As the Triumvirat remasters keep rolling in, it becomes apparent how much the band changed over the years. Starting out as a bombastic, keyboard-led prog machine (or an ELP clone as many have labeled them) with such classic albums as Spartacus and Illusions on a Double Dimple, the band slowly went the commercial avenue, and the culmination of that style became A La Carte. While certainly no Spartacus, this CD does contain some good moments, however it sounds like a completely different band. With its mix of Toto or Ambrosia sounding California pop/prog and ELO harmonies, combined with the Keith Emerson inspired keyboards of Jurgen Fritz, A La Carte is pretty good commercial pop at times, average prog rarely, and bland for most of the ride.

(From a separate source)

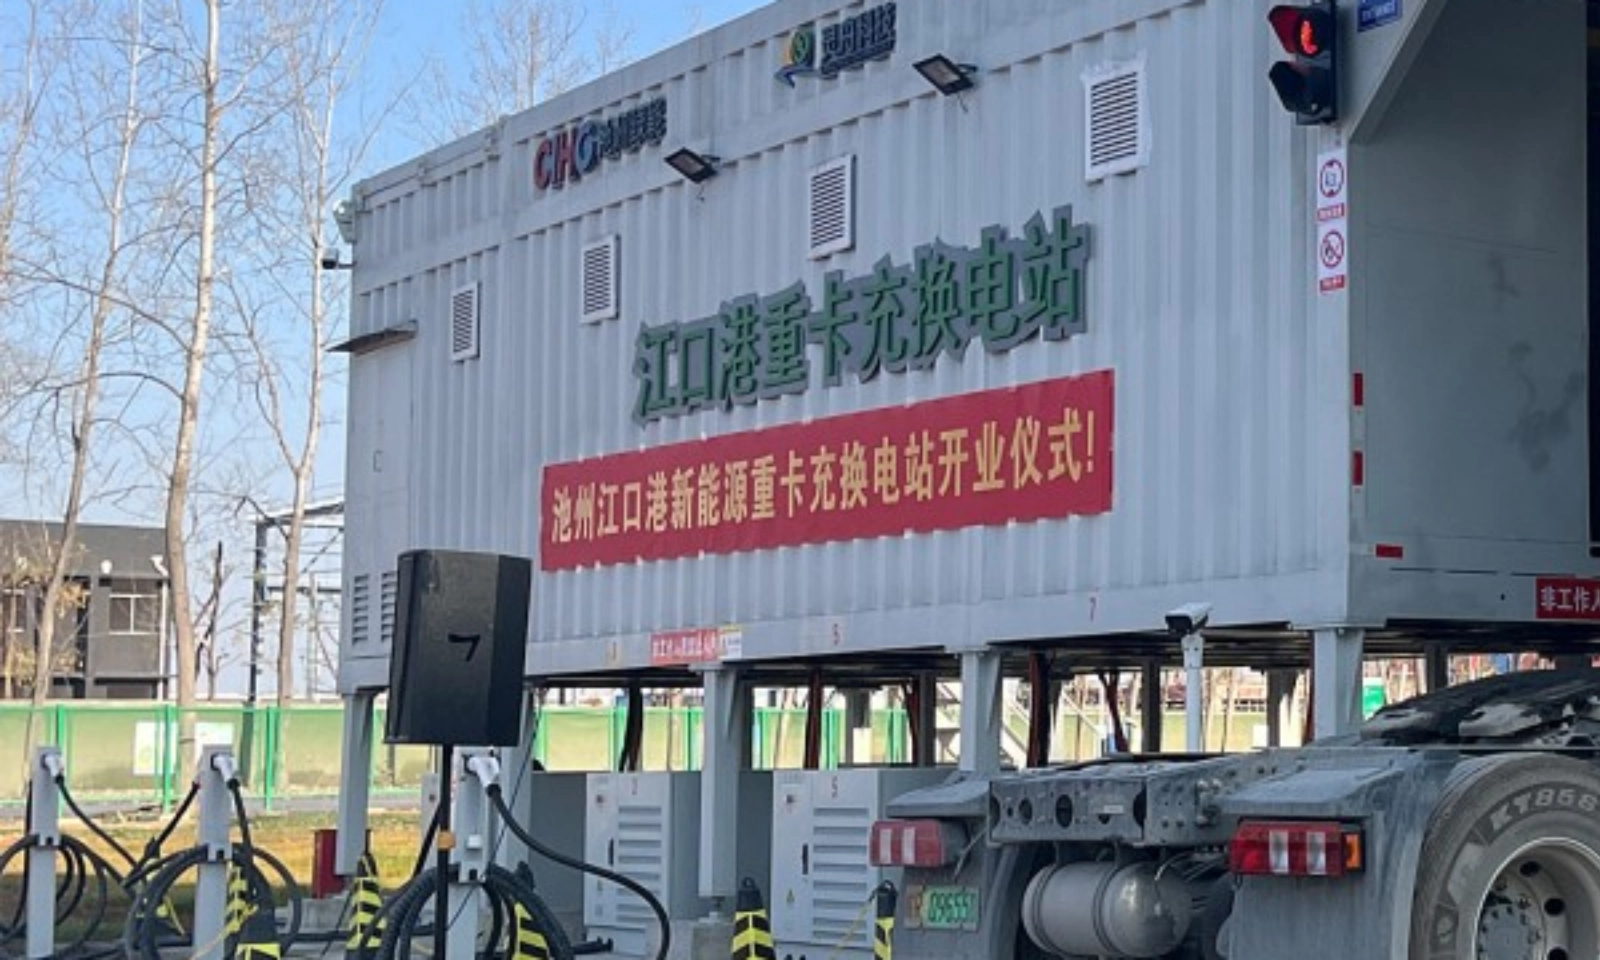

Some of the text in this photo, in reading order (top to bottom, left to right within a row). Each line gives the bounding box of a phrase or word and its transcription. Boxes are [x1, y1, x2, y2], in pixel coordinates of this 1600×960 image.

[633, 212, 1086, 418] 江口港重卡充换电站
[551, 406, 1095, 544] 池州江口港新能源重卡充换电站开业仪式!

Tracks like "Waterfall" , "Ok, I'm Late Again" and the catchy "Jo Ann Walker" are decent numbers, with the strong pop vocals of David Hanselmann leading the way, with Fritz in a support role on multiple keyboards. In fact, these tracks might have made some airplay in 1978 had the record company known what to do with them. "For You" is a sappy ballad, "I Don't Even Know Your Name" a light rocker with lots of horns and featuring all sorts of guest musicians. Too bad the extra manpower doesn't save this tune from mediocrity. The track that most closely resembles art-rock is "A Bavarian in New York", a hard driving song with meaty bass lines, and symphonic synths, organ, and piano from Fritz. Hanselmann really lets loose on this one with some wailing vocals, and I was left wondering what ever happened to this fine singer after this album. The funky, jazz-inflected instrumental "Original Soundtrack From the Movie O.C.S.I.D." is a great piece, but is followed by the generic "Darlin' " and the equally bland "Good Bye." Both tunes are like a poor man's Supertramp meets Stevie Wonder, and an obvious stab at the Billboard charts, which sadly never came.
A La Carte should be approached carefully, as it is not representative of all the previous Triumvirat recordings. While a halfway decent stab at light, commercial rock with flashy keyboards, a prog album it isn't.